[Stored data entries]
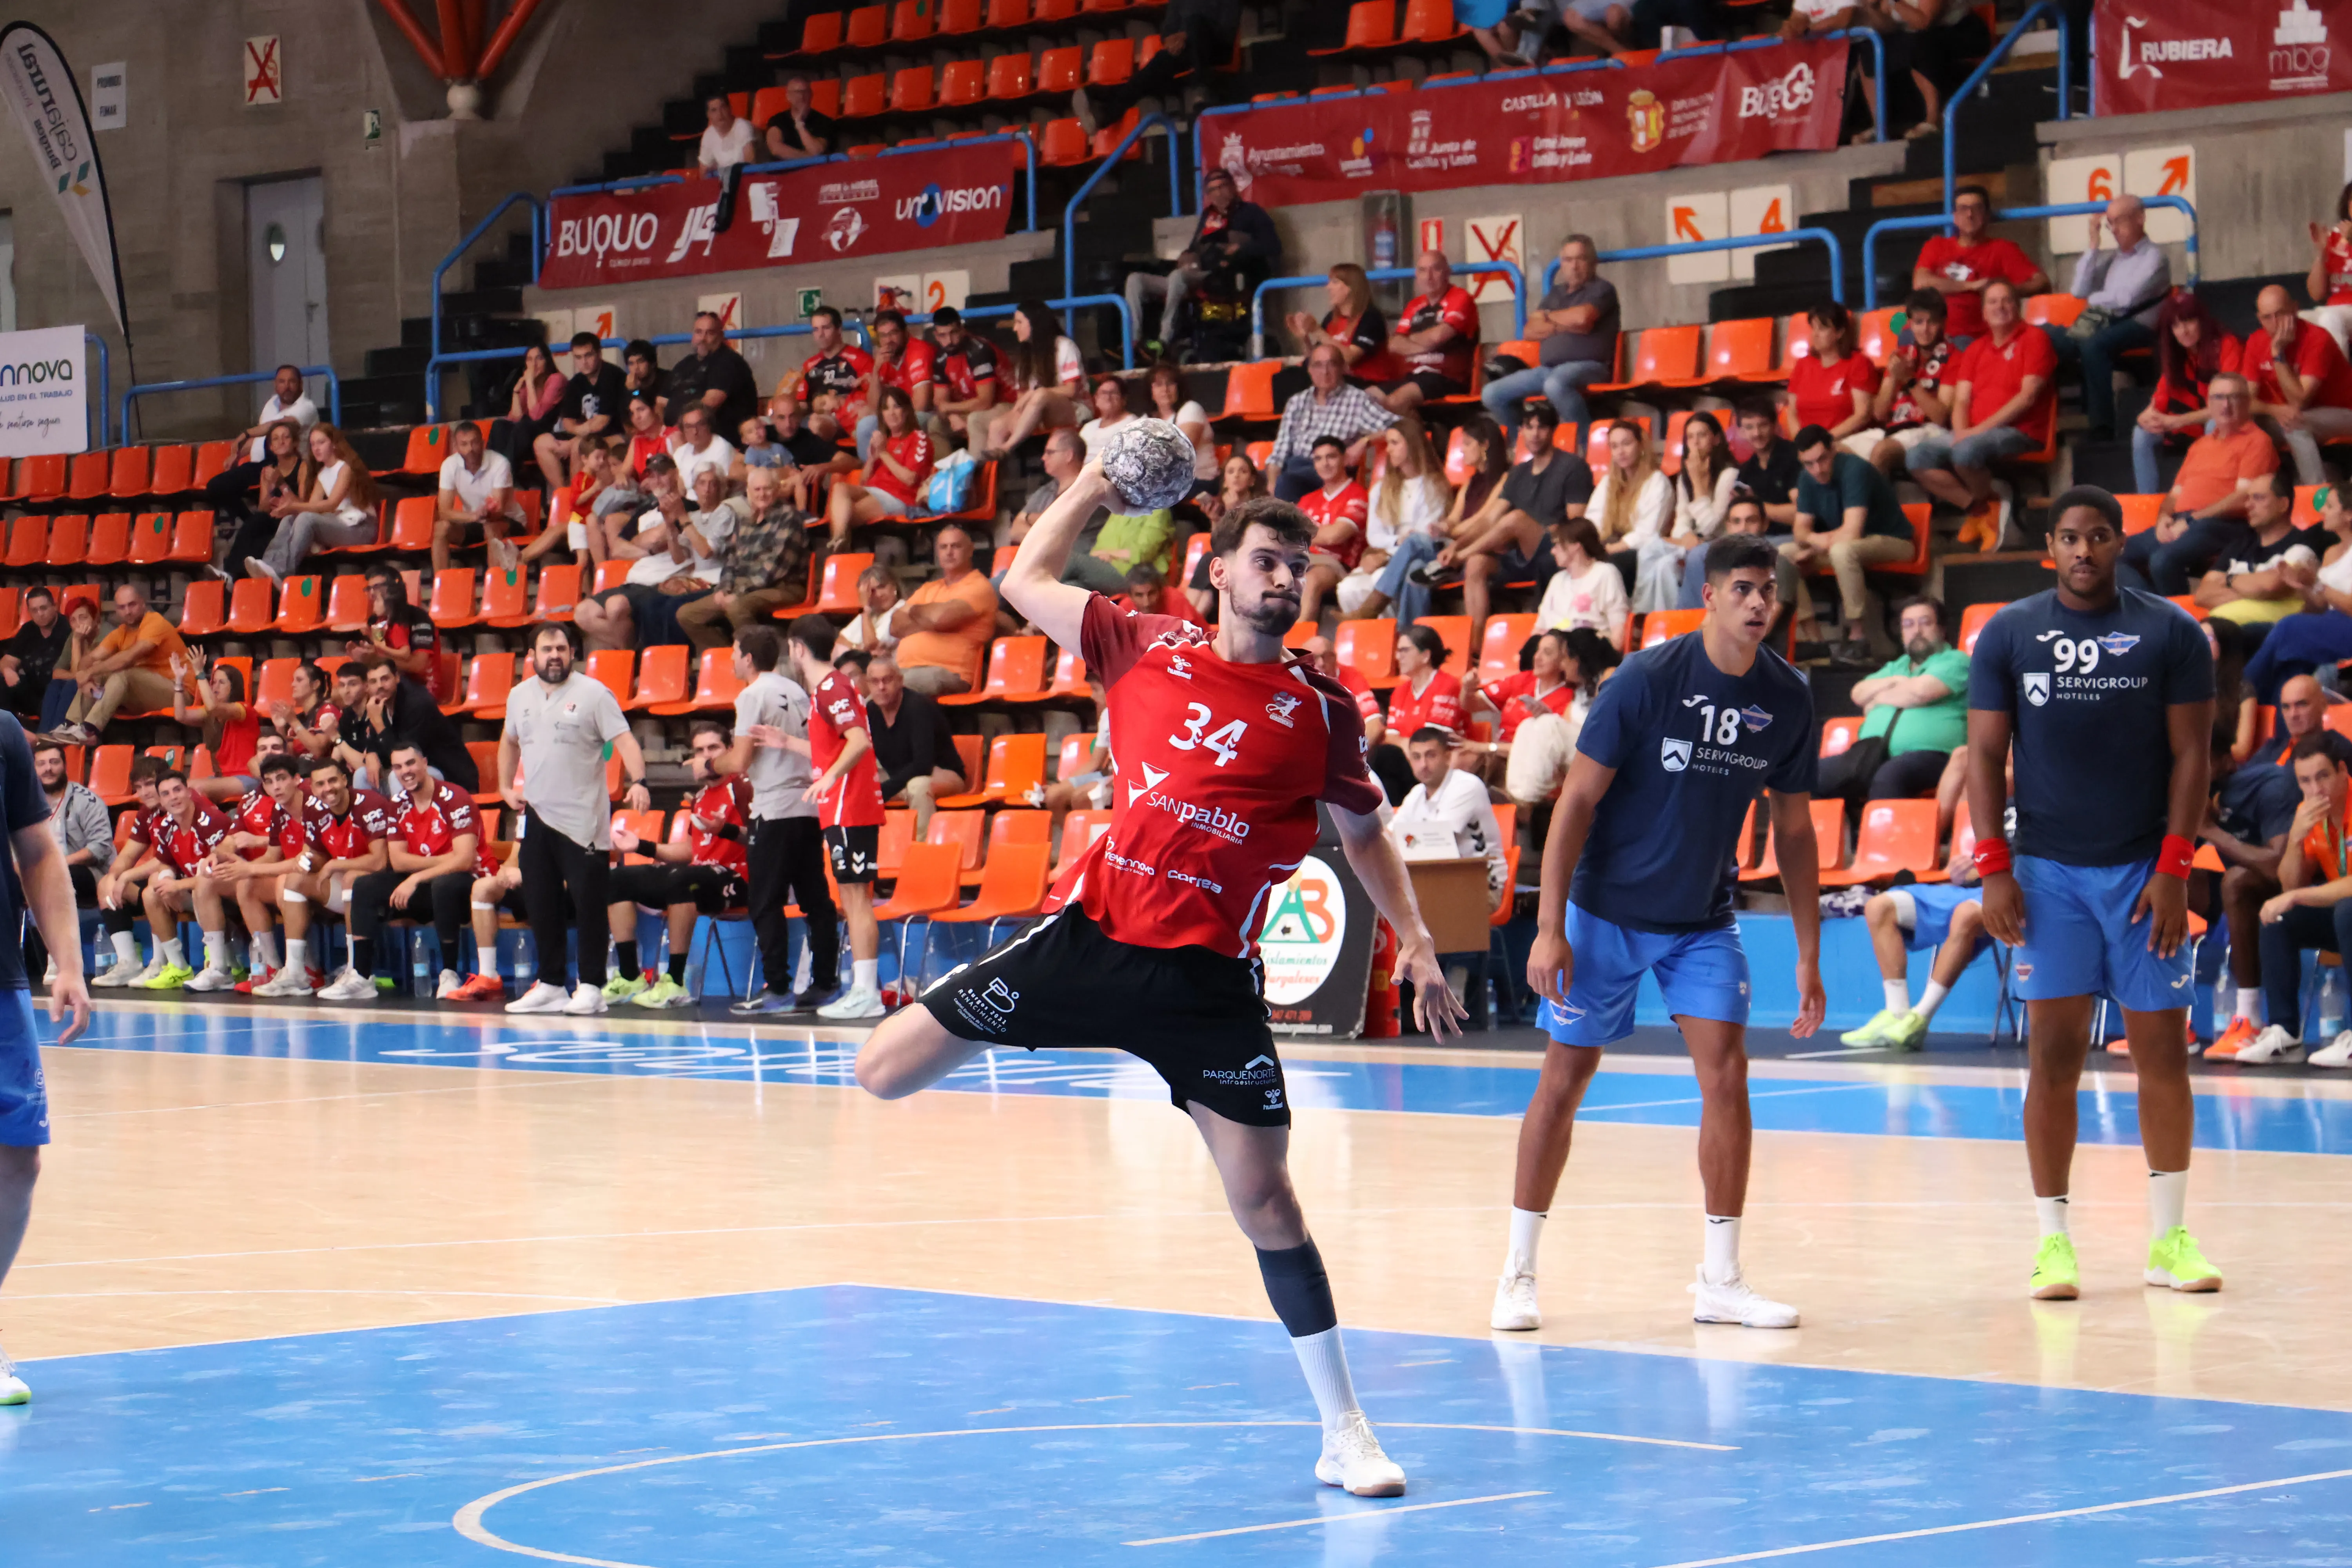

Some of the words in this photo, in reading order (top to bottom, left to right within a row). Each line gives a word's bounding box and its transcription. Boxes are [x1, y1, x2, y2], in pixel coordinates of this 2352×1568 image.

[2141, 37, 2232, 62] RUBIERA
[2269, 46, 2330, 75] mbg
[1501, 93, 1557, 113] CASTILLA
[2088, 168, 2113, 201] 6
[1760, 198, 1785, 233] 4
[557, 212, 658, 268] BUQUO
[928, 280, 945, 313] 2
[40, 390, 73, 399] TRABAJO
[2053, 638, 2099, 675] 99
[1167, 666, 1192, 680] hummel
[2056, 676, 2149, 689] SERVIGROUP
[1169, 702, 1248, 767] 34
[1700, 705, 1740, 746] 18
[1691, 764, 1730, 776] HOTELES
[1696, 747, 1768, 770] SERVIGROUP
[1191, 822, 1243, 846] INMOBILIARIA
[957, 988, 1007, 1033] RENACIMIENTO
[967, 988, 989, 1011] Burgos
[1203, 1067, 1276, 1080] PARQUENORTE
[1263, 1102, 1283, 1110] hummel
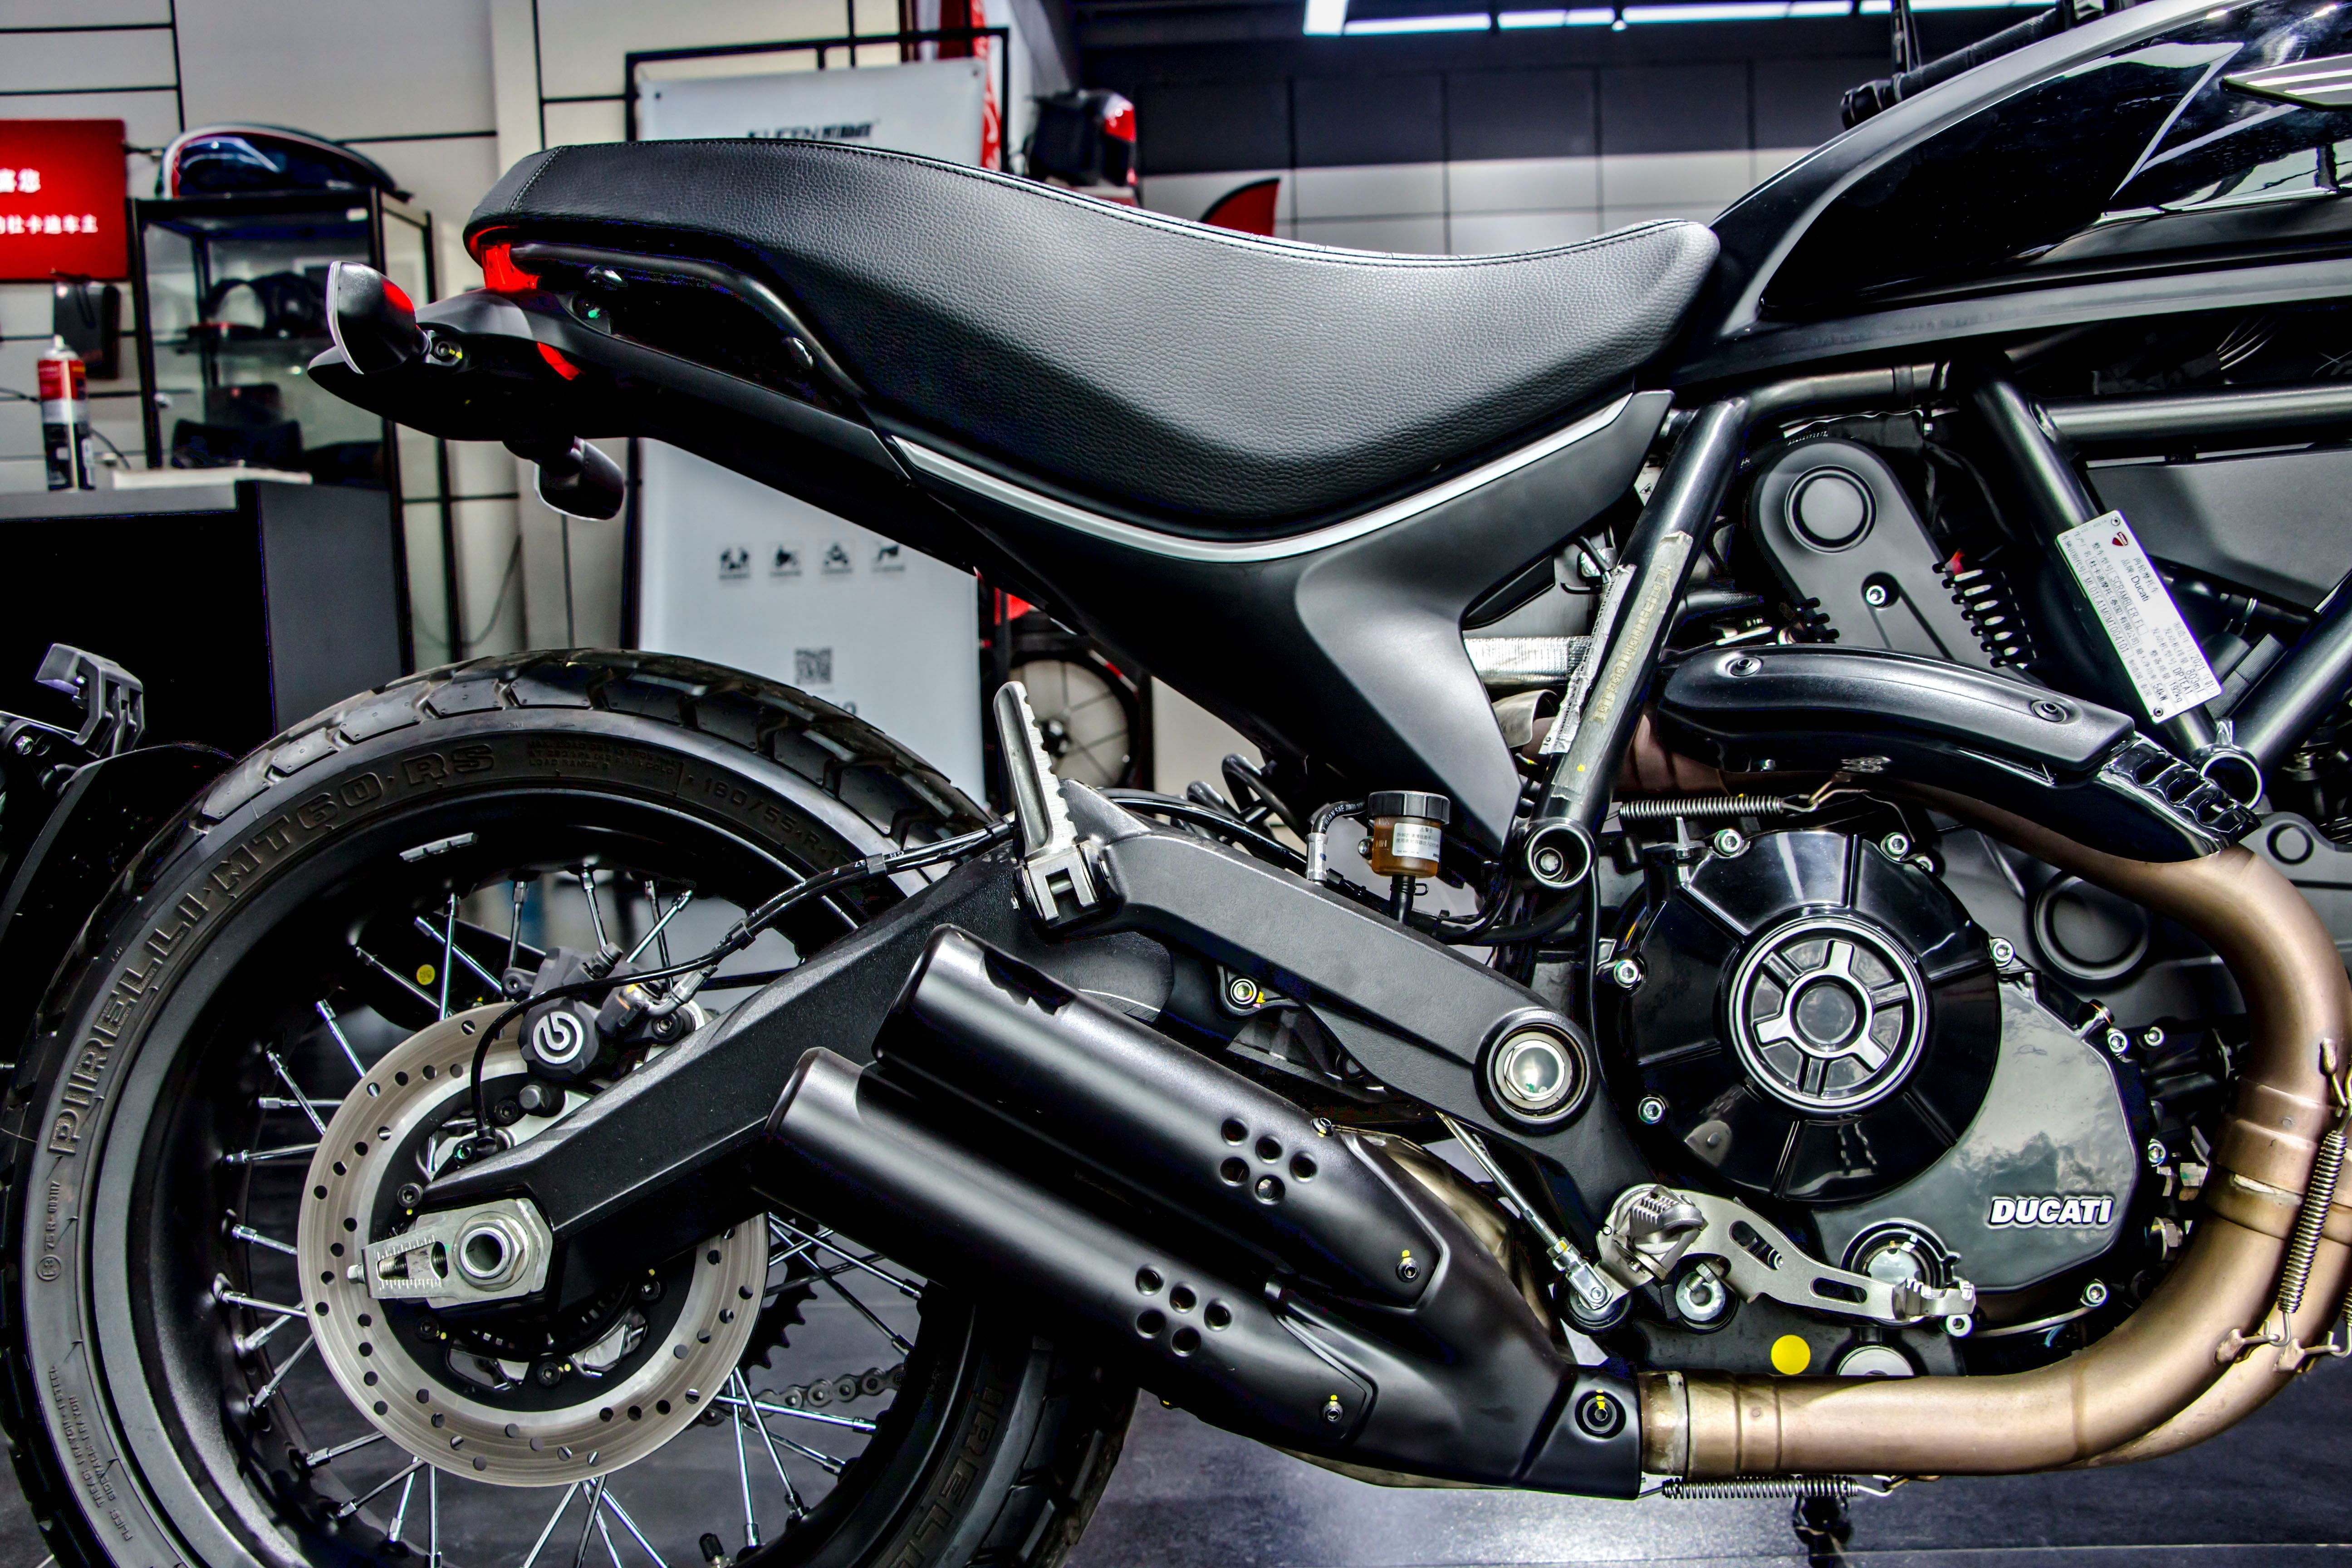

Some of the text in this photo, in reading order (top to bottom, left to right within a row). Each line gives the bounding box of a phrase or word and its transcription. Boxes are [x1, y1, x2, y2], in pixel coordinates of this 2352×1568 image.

[2108, 575, 2140, 619] SCRAMBLER
[2130, 574, 2152, 602] Ducati
[2190, 653, 2205, 672] 2021
[2151, 681, 2169, 703] 54kW
[2166, 681, 2185, 705] 192kg
[2171, 666, 2194, 696] DPTEA1
[48, 892, 210, 1155] PIRELLI
[402, 743, 495, 786] RS
[1989, 1198, 2114, 1225] DUCATI

▸ What to produce: Without copying any images, transcribe the records exactly as they stand.

▸ Result of the task:
Some of the words in this photo, in reading order (top to bottom, left to right within a row). Each line gives a word's bounding box and its transcription. Boxes are [x1, y1, x2, y2], in pixel coordinates of this 2352×1568 image.

[2141, 37, 2232, 62] RUBIERA
[2269, 46, 2330, 75] mbg
[1501, 93, 1557, 113] CASTILLA
[2088, 168, 2113, 201] 6
[1760, 198, 1785, 233] 4
[557, 212, 658, 268] BUQUO
[928, 280, 945, 313] 2
[40, 390, 73, 399] TRABAJO
[2053, 638, 2099, 675] 99
[1167, 666, 1192, 680] hummel
[2056, 676, 2149, 689] SERVIGROUP
[1169, 702, 1248, 767] 34
[1700, 705, 1740, 746] 18
[1691, 764, 1730, 776] HOTELES
[1696, 747, 1768, 770] SERVIGROUP
[1191, 822, 1243, 846] INMOBILIARIA
[957, 988, 1007, 1033] RENACIMIENTO
[967, 988, 989, 1011] Burgos
[1203, 1067, 1276, 1080] PARQUENORTE
[1263, 1102, 1283, 1110] hummel

Some of the text in this photo, in reading order (top to bottom, left to right within a row). Each line gives the bounding box of a phrase or word and its transcription. Boxes are [x1, y1, x2, y2], in pixel coordinates of this 2352×1568 image.

[2108, 575, 2140, 619] SCRAMBLER
[2130, 574, 2152, 602] Ducati
[2190, 653, 2205, 672] 2021
[2151, 681, 2169, 703] 54kW
[2166, 681, 2185, 705] 192kg
[2171, 666, 2194, 696] DPTEA1
[48, 892, 210, 1155] PIRELLI
[402, 743, 495, 786] RS
[1989, 1198, 2114, 1225] DUCATI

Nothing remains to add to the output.